No
dia 18 de Setembro, o Prof. Antônio Inácio Andrioli
proferiu uma palestra sobre o tema “Agricultura Familiar
e a Sustentabilidade Ambiental”. Esta atividade fez parte
dos Ciclos de Estudos, organizado pela Incubadora de Economia
Solidária e Desenvolvimento Regional Sustentável,
da Unijuí. Os Ciclos de Estudos constituem espaços
de apresentação e discussão a respeito de
temas de pesquisa que se relacionam com a Economia Solidária,
pelos mais variados aspectos: seja pela organização,
pela sustentabilidade, pelo meio ambiente, auto-gestão
a ainda visa a colaboração entre os integrantes.

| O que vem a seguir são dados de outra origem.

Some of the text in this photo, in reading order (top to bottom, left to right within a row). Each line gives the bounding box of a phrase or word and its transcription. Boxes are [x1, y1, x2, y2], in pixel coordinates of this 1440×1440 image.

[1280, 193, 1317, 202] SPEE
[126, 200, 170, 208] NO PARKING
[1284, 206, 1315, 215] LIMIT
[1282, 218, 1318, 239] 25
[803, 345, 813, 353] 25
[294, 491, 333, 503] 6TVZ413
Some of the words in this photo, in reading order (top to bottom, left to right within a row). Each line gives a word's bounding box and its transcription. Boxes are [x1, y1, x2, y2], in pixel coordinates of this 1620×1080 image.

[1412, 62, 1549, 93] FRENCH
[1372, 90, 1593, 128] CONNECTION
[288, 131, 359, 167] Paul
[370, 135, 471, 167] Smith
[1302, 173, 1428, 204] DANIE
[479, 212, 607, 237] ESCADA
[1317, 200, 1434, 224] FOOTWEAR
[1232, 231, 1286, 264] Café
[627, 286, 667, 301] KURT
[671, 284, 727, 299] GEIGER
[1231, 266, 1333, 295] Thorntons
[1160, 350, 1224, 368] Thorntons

A agricultura familiar por si só certamente é um
dos temas mais atuais hoje, porque estamos falando daqueles agricultores
que com o seu próprio trabalho produzem alimentos. Na agricultura
familiar é o próprio trabalho da família
que é responsável pela geração de
valor, diferente da agricultura patronal onde nós temos
uma relação típica de exploração
de trabalho alheio, de empregados ou trabalhadores assalariados.

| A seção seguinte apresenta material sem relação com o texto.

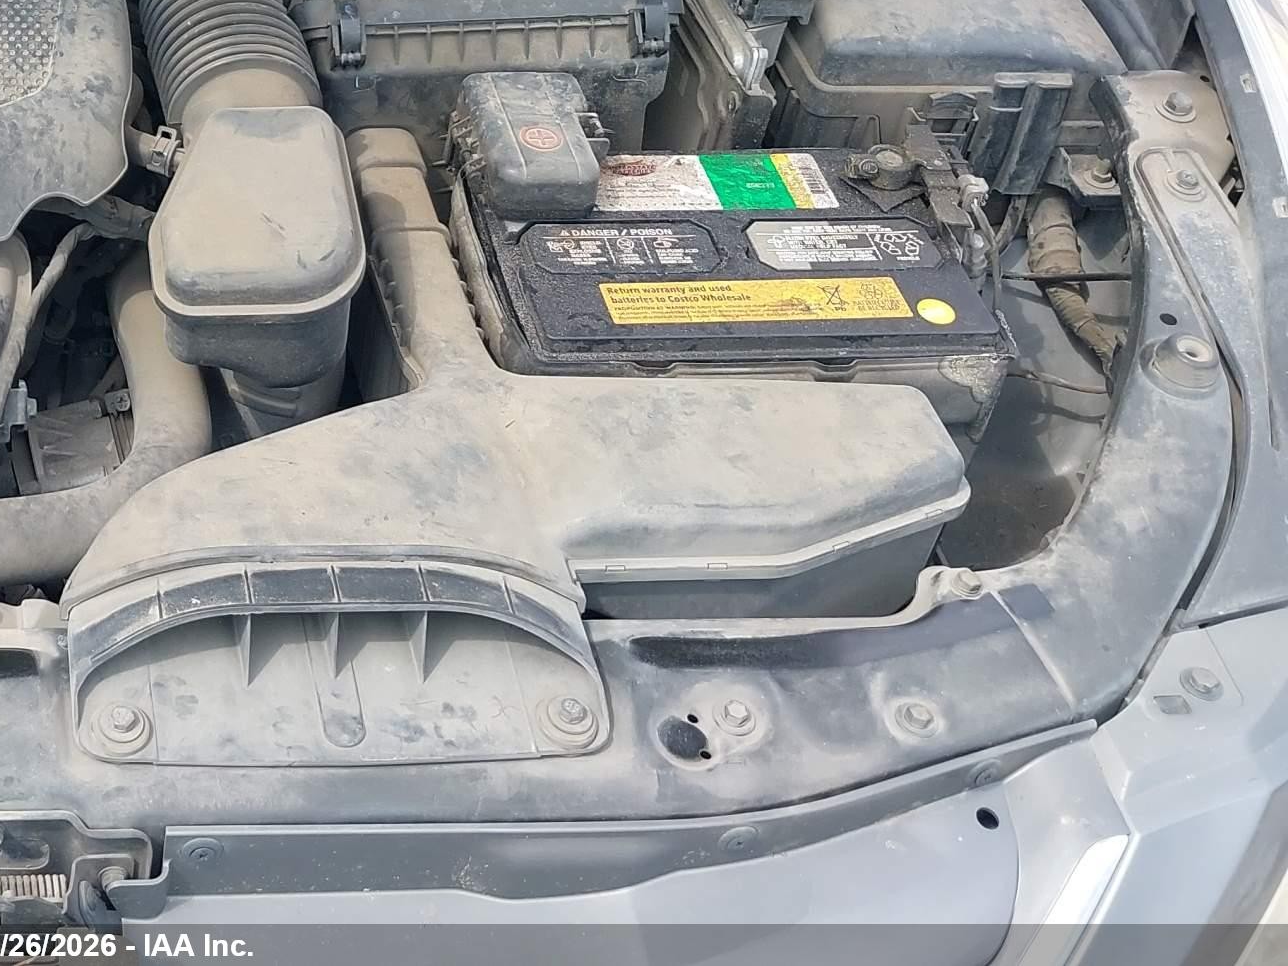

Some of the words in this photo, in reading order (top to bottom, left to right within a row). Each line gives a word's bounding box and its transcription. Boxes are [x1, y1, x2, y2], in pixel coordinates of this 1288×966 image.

[630, 228, 673, 236] POISON
[642, 286, 685, 295] warranty
[689, 285, 706, 293] and
[708, 284, 732, 292] used
[611, 296, 654, 304] batteries
[656, 295, 666, 303] to
[668, 295, 699, 303] Costco
[701, 293, 751, 302] Wholesale
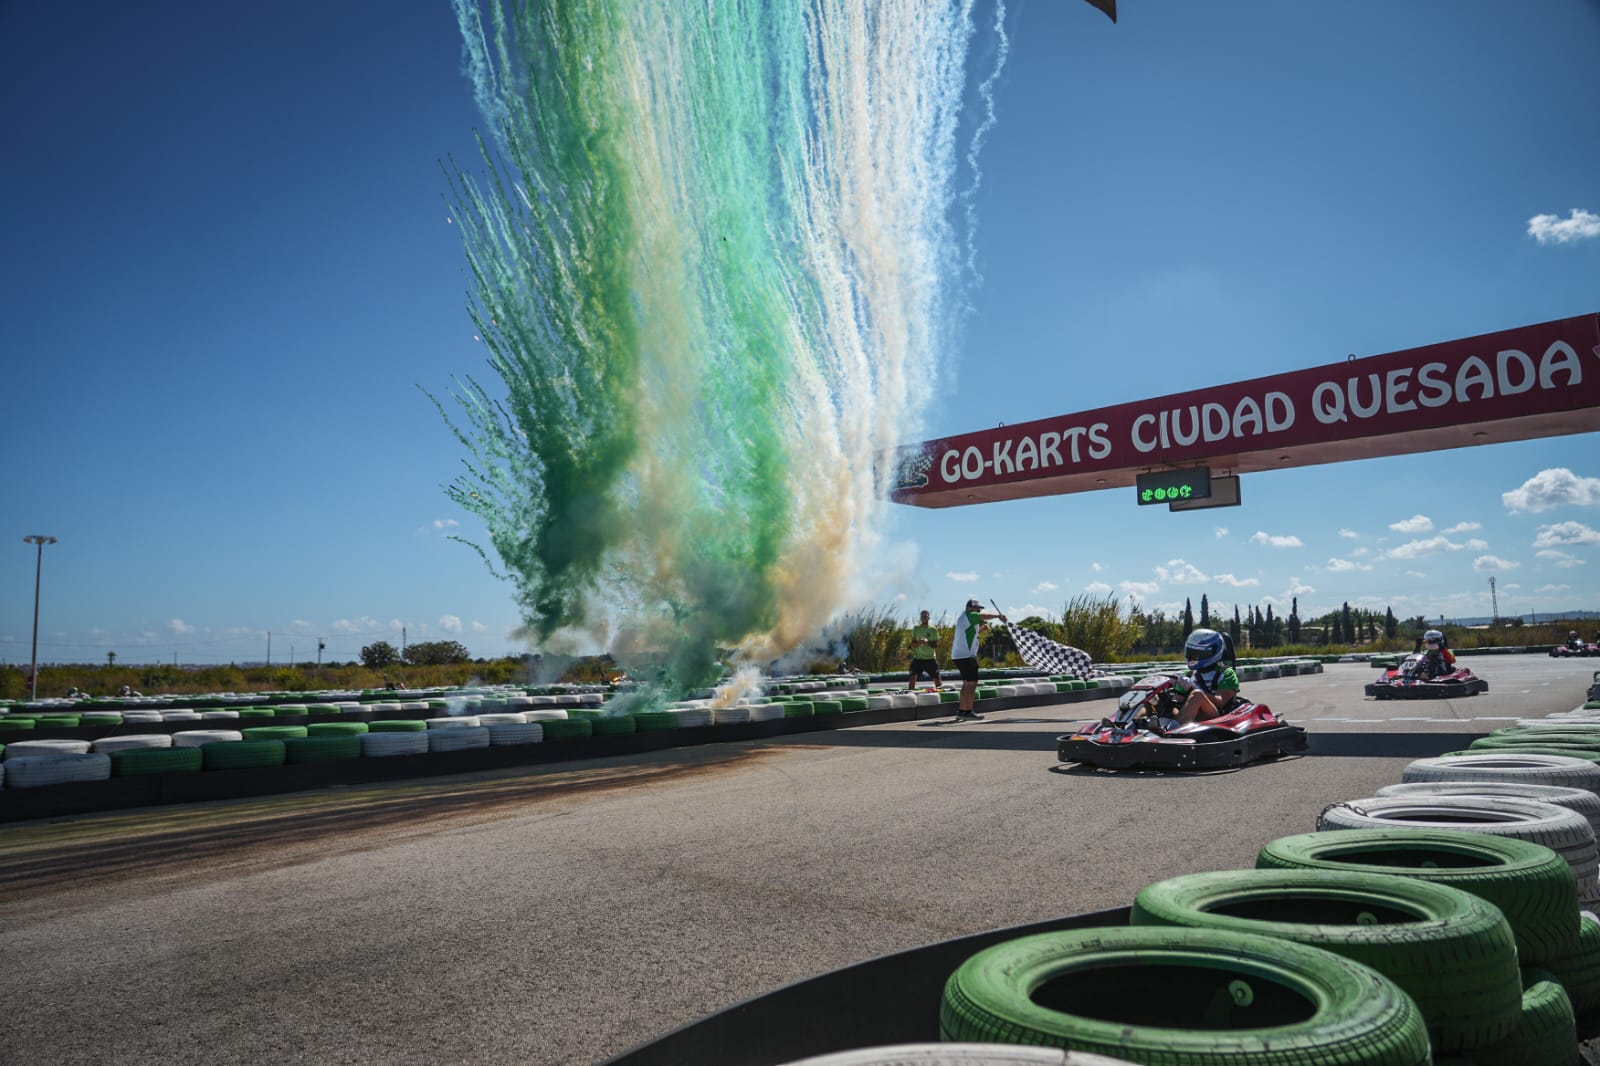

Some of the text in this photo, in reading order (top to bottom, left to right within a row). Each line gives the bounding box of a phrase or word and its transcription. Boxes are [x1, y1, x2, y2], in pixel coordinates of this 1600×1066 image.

[941, 340, 1583, 483] GO-KARTS CIUDAD QUESADA

Nessa lógica, a agricultura familiar é responsável
pela maior parte da produção de alimentos. Isso
se deve também por sua característica de integrar
a produção e consumo. Um agricultor familiar, ao
mesmo tempo em que produz, também consome parte de sua
produção. Essa produção, poderíamos
logo acrescentar, certamente será de mais qualidade porque
ele mesmo estará usufruindo desse tipo de alimento e, necessariamente
para conseguir fazer com que o trabalho da família possa
ser empregado ou possa gerar valor durante o ano inteiro ele também
vem ocupando-se com várias atividades.
Temos então, na agricultura ecológica, junto com
a agricultura familiar, a forma mais avançada de tecnologia
que pode ser oferecida como alternativa. Se juntamente com isso,
for possível agregar mais valor a essa produção,
industrializando-a e colocando-a no mercado de uma forma diferenciada,
também articulando a relação com o consumidor,
certamente nós teríamos uma produção
de alimentos mais saudável, produzida para o mercado local,
onde os pequenos agricultores (agricultores familiares) estariam
sendo favorecidos em função da melhoria de sua qualidade
de vida e oferecendo também produtos para além de
suas necessidades. Aliado a isso, surge a possibilidade de gerar
todo um mercado regional em condições de aproveitar
esse novo nível de qualidade de vida, no qual a agricultura
familiar se insere de forma destacada.